Scotland has had a consistently high success rate in MRCGP, and it has been rated highly by trainees in the GMC survey. It also offers a wide variety of support during the training which was important to me. That is why I chose to train in Scotland over other nations.

Since starting my GP training in Scotland, I have been enthusiastic and passionate about learning new experiences. It was not long into my training when I had to face difficult challenges at work that resulted in significant disruption to my work.

Although things were going well, my life turned upside down and I had to endure a great deal of suffering. I was living alone, with no immediate family members around, and my wedding was delayed due to the COVID-19 pandemic. On top of this, a significant phase of my training went higgledy piggledy. But as time has gone on, others around me have helped me to see the sunshine again.

All my hardships were taken care of very well by my Deanery.
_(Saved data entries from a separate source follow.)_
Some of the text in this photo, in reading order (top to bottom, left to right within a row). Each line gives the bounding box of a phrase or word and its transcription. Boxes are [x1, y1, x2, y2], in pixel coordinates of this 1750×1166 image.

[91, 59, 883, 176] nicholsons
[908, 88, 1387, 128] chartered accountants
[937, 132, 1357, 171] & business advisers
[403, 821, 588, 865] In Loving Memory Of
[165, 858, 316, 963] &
Together with the support of Deanery, and BMA Scotland, I was able to move forward as a stronger and more resilient person than ever before, away from the depths of despair that haunted me when experiencing hardship.

The experience of going through the challenging phase of life, at the beginning of my GP training, has made me mindful of the challenges that international medical graduates face.
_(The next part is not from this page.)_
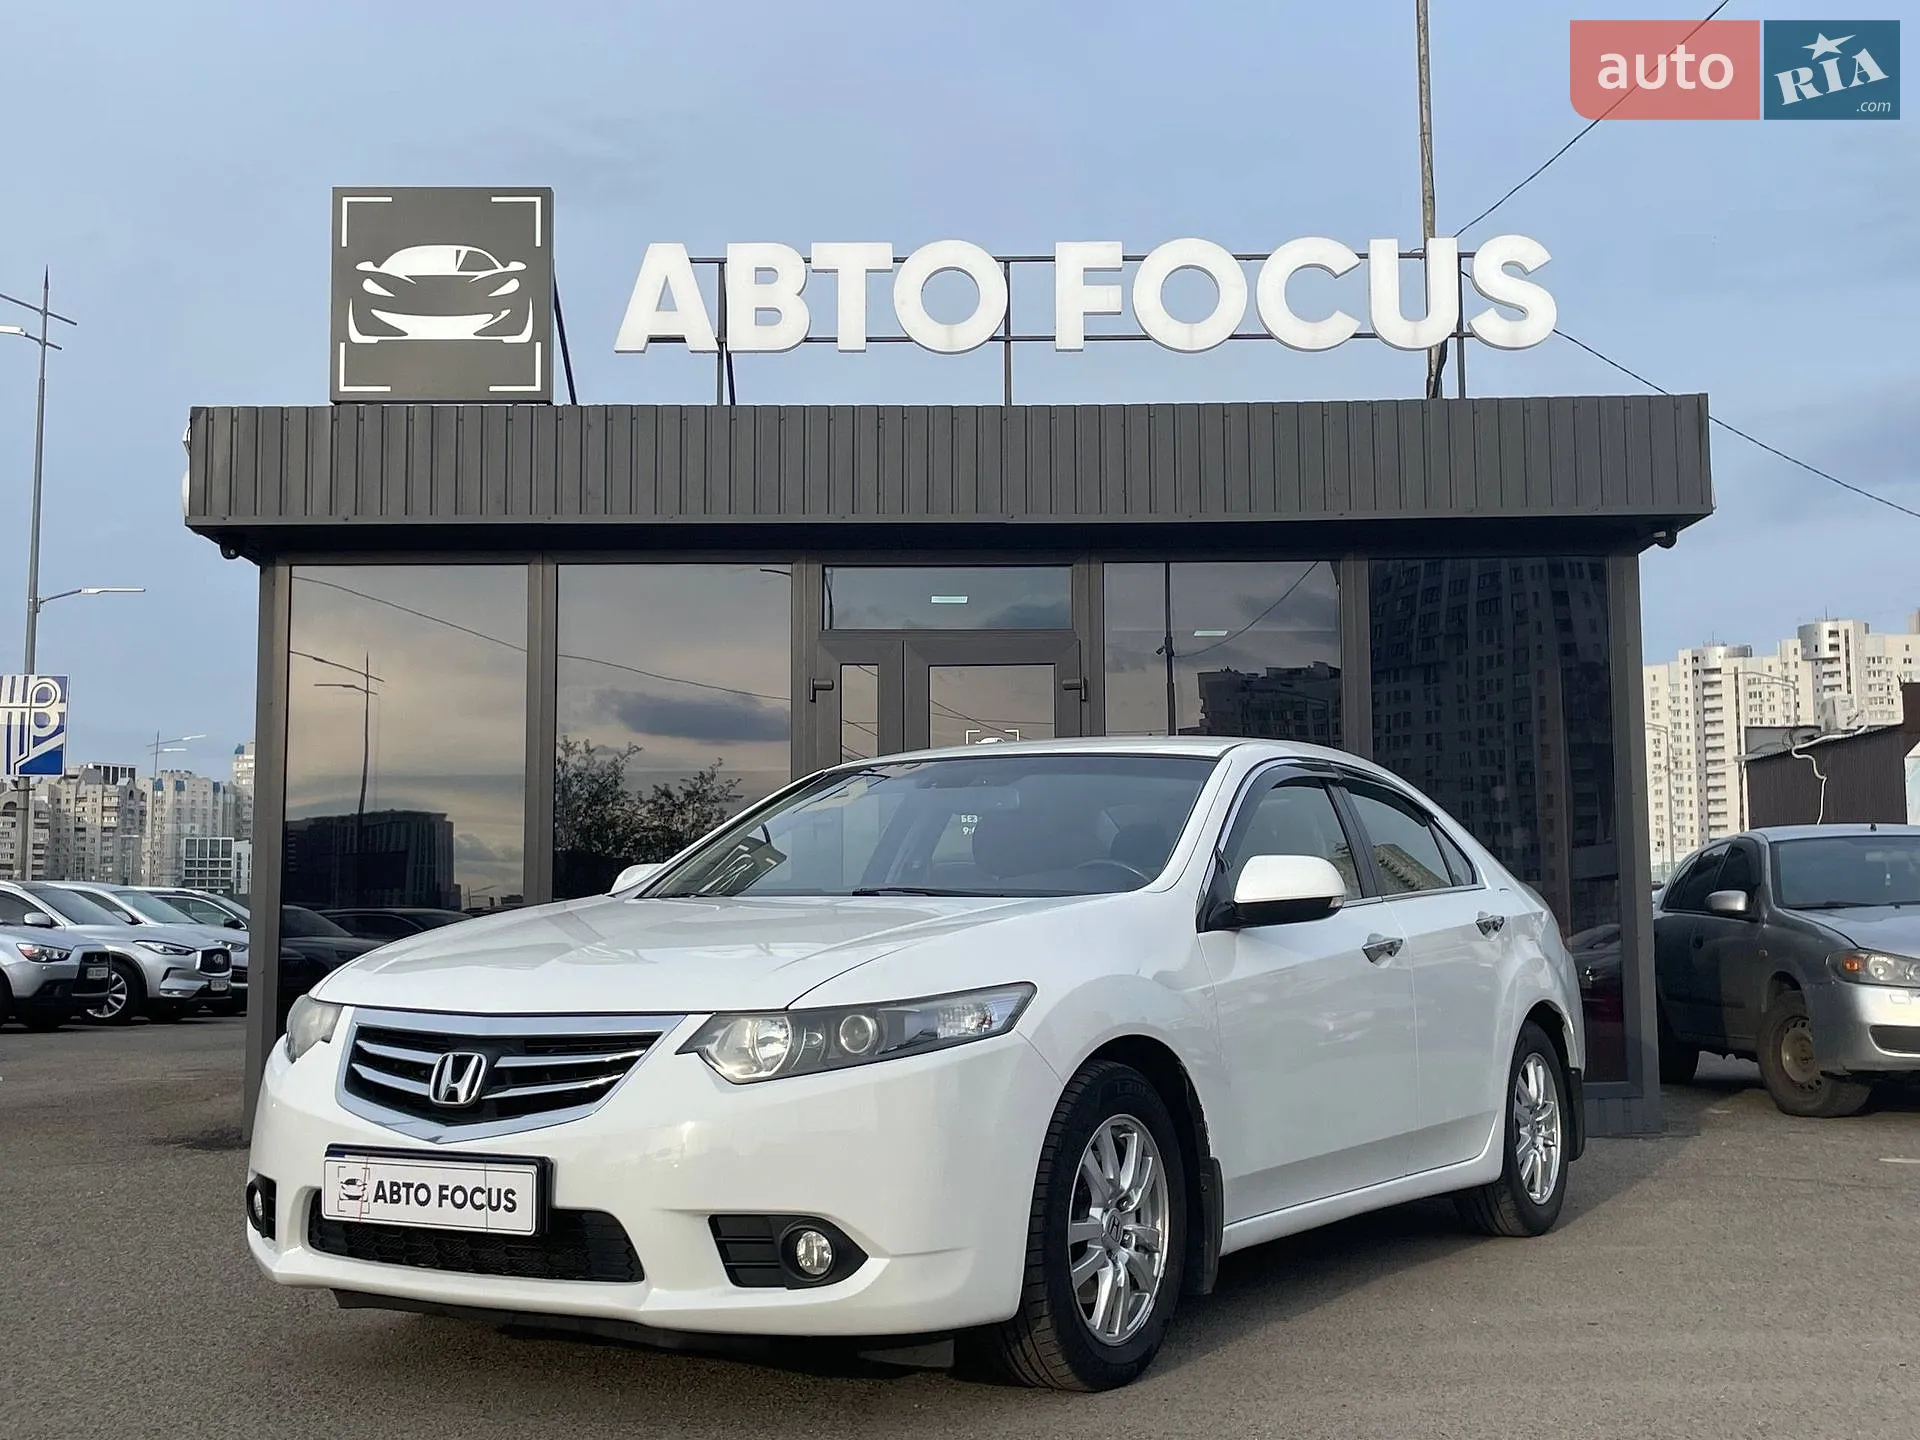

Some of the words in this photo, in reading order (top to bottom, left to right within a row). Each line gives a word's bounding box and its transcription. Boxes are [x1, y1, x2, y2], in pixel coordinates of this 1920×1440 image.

[614, 239, 1009, 354] АВТО
[1055, 235, 1558, 354] FOCUS
[373, 1180, 432, 1207] АВТО
[437, 1184, 518, 1213] FOCUS
I believe the root cause for a lot of trouble for international medical graduates is “silence”.

Silence may be perceived as a lack of an opinion, or disengagement, and so the effect of silence can have a calamitous effect on us – both personally and professionally. Often the lack of confidence to speak creates a barrier, whether when seeking support or when we want to raise concerns. Silence and a lack of confidence prevents us from accessing the support as we fear being labelled as problematic.

There are various supports that are available to help us if we face any challenges at work. But we all need to speak up and have our voices heard. Our colleagues and teachers want to hear us, and we must remember that.

We need to have the confidence to speak to the right person at the right time when we see a problem, instead of waiting and shutting the door after the horse has bolted. I believe that making our voice heard can create a strong bond between us and our teachers. We need to take the initiative and be courageous. This can bring constructive change as we navigate our ways through. We are all here for one another – times can be hard, but remember you are not alone.